The problem: What you print should match the entries exactly, only without the pictures.

Dataset entries:
━━━

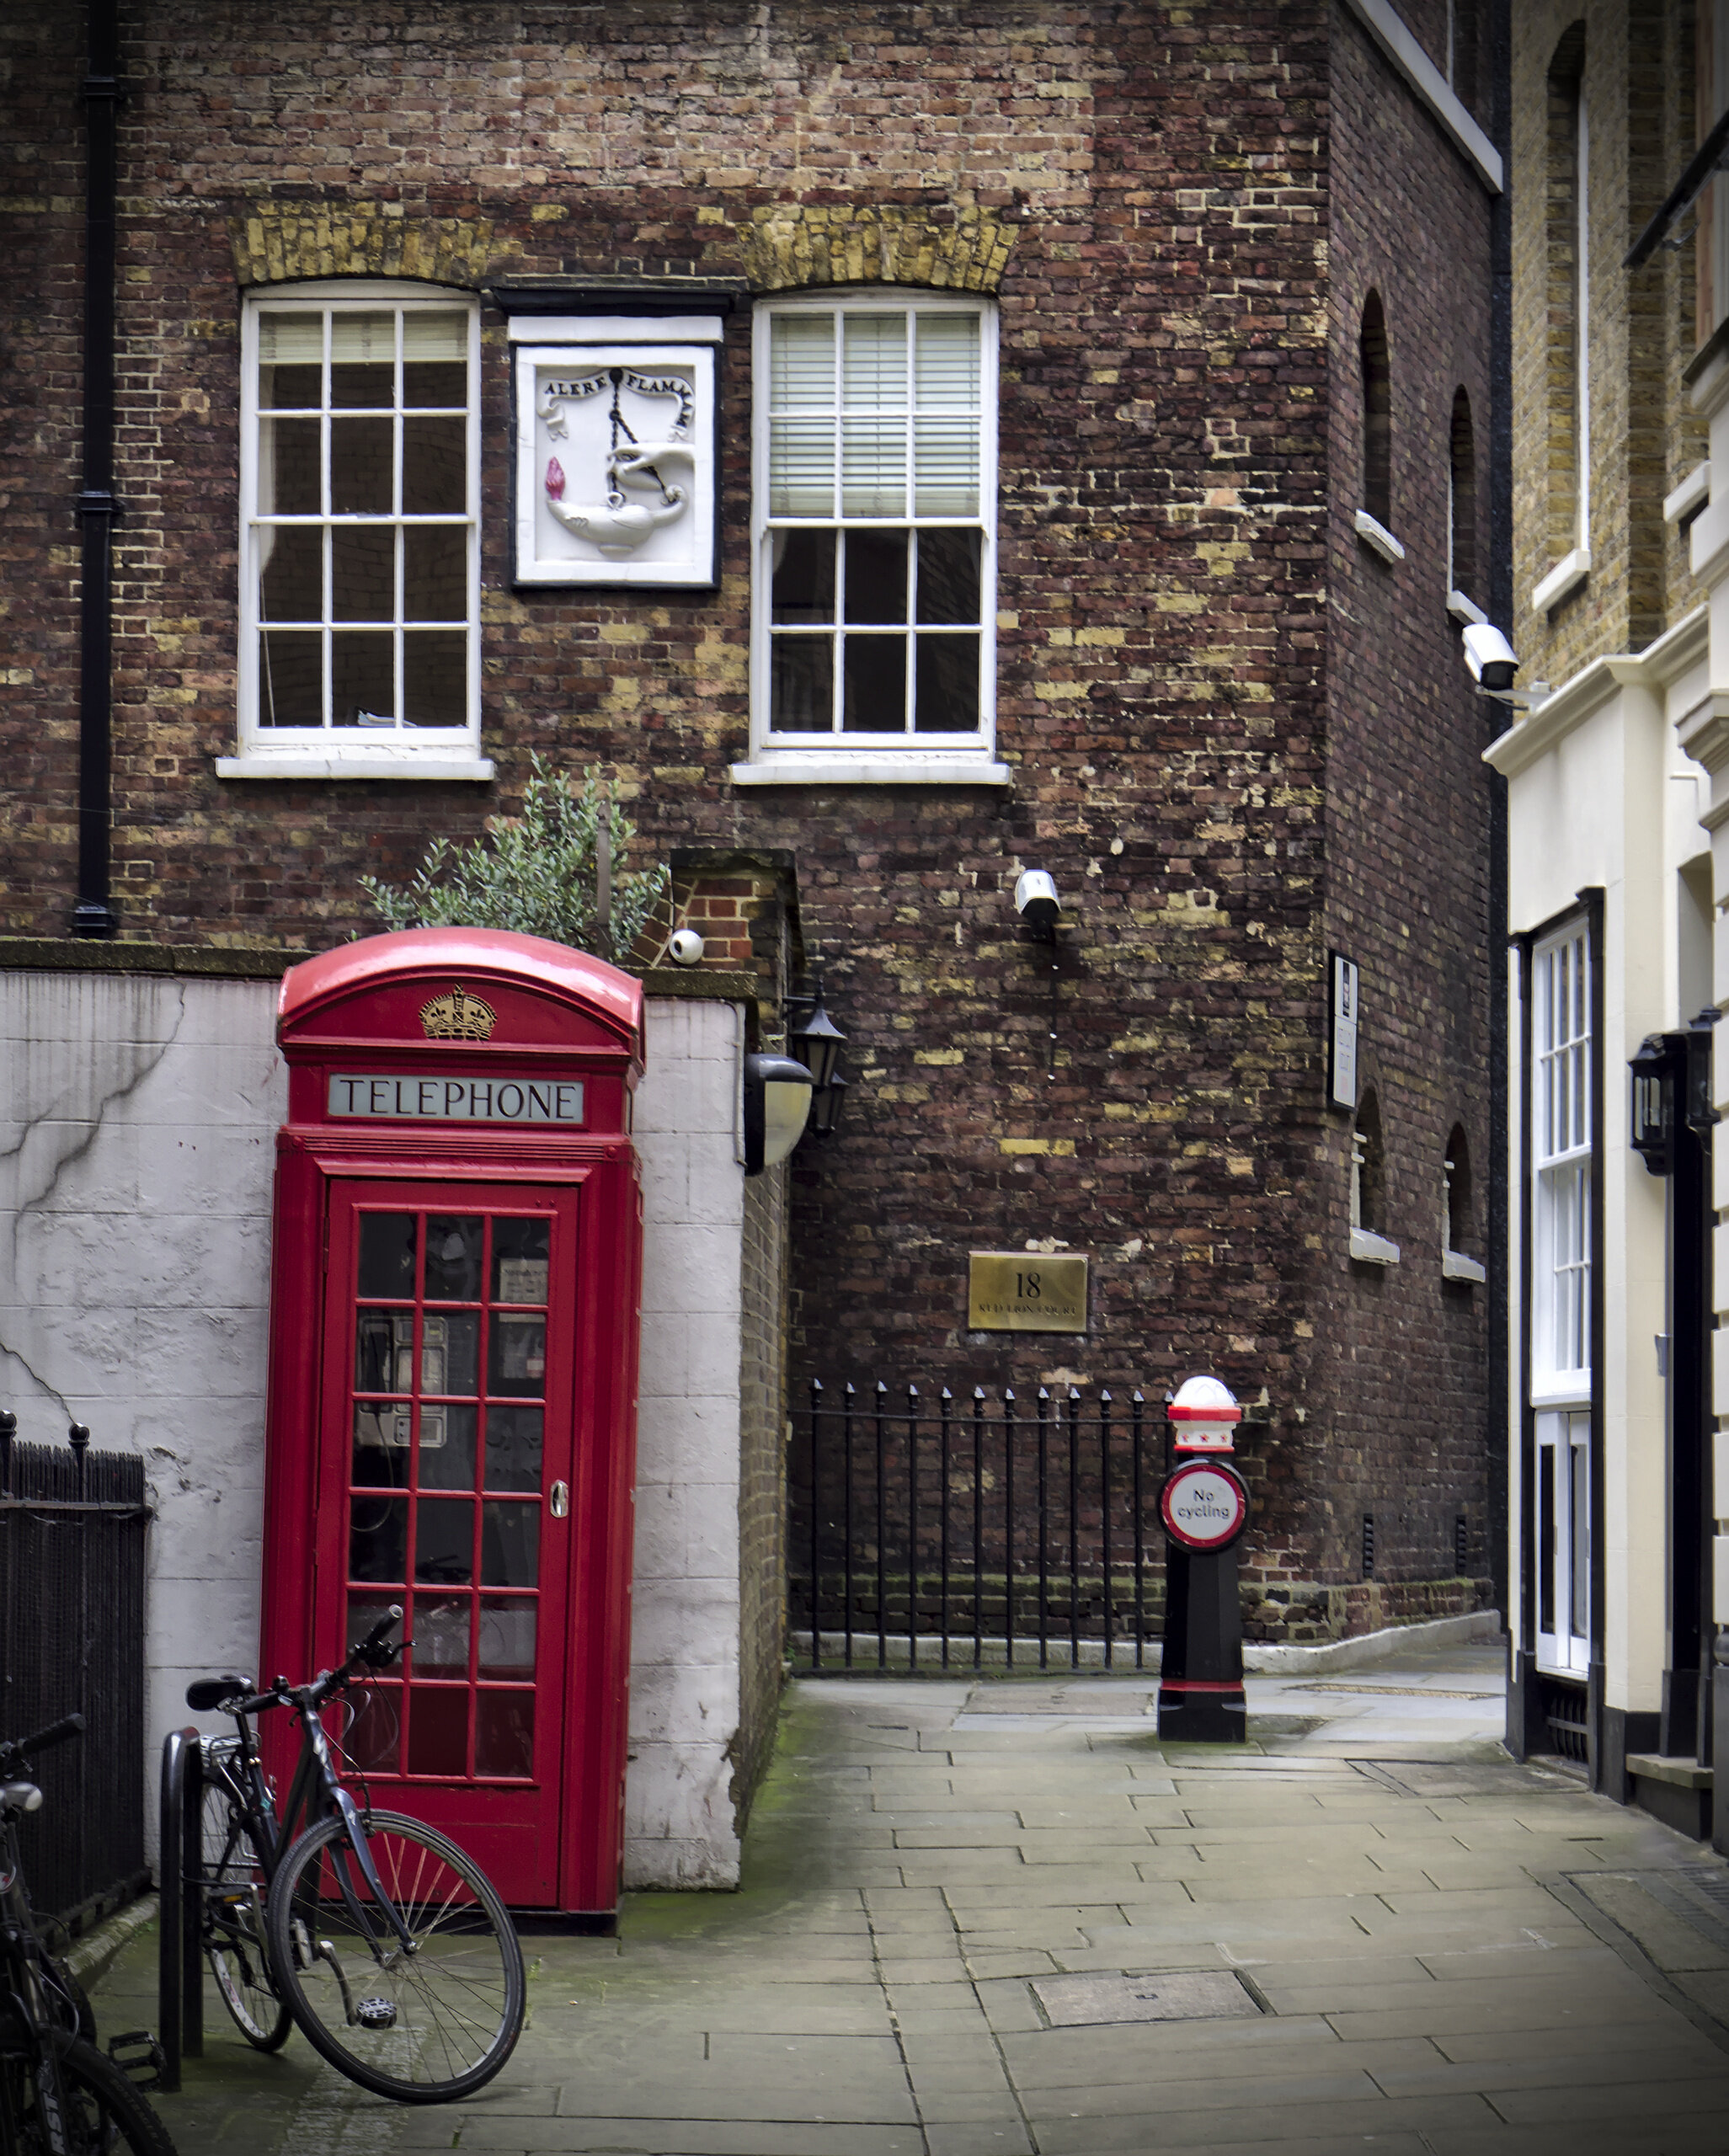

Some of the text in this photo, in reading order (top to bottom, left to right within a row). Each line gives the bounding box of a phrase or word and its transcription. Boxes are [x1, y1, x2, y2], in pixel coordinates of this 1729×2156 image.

[545, 375, 693, 428] ALERE FLAMMAM
[339, 1080, 576, 1119] TELEPHONE
[1017, 1272, 1041, 1299] 18
[1177, 1504, 1230, 1519] cycling
[1193, 1488, 1214, 1502] No
[42, 2091, 66, 2156] RST

━━━

Result of the exercise:
Some of the text in this photo, in reading order (top to bottom, left to right within a row). Each line gives the bounding box of a phrase or word and its transcription. Boxes are [x1, y1, x2, y2], in pixel coordinates of this 1729×2156 image.

[545, 375, 693, 428] ALERE FLAMMAM
[339, 1080, 576, 1119] TELEPHONE
[1017, 1272, 1041, 1299] 18
[1177, 1504, 1230, 1519] cycling
[1193, 1488, 1214, 1502] No
[42, 2091, 66, 2156] RST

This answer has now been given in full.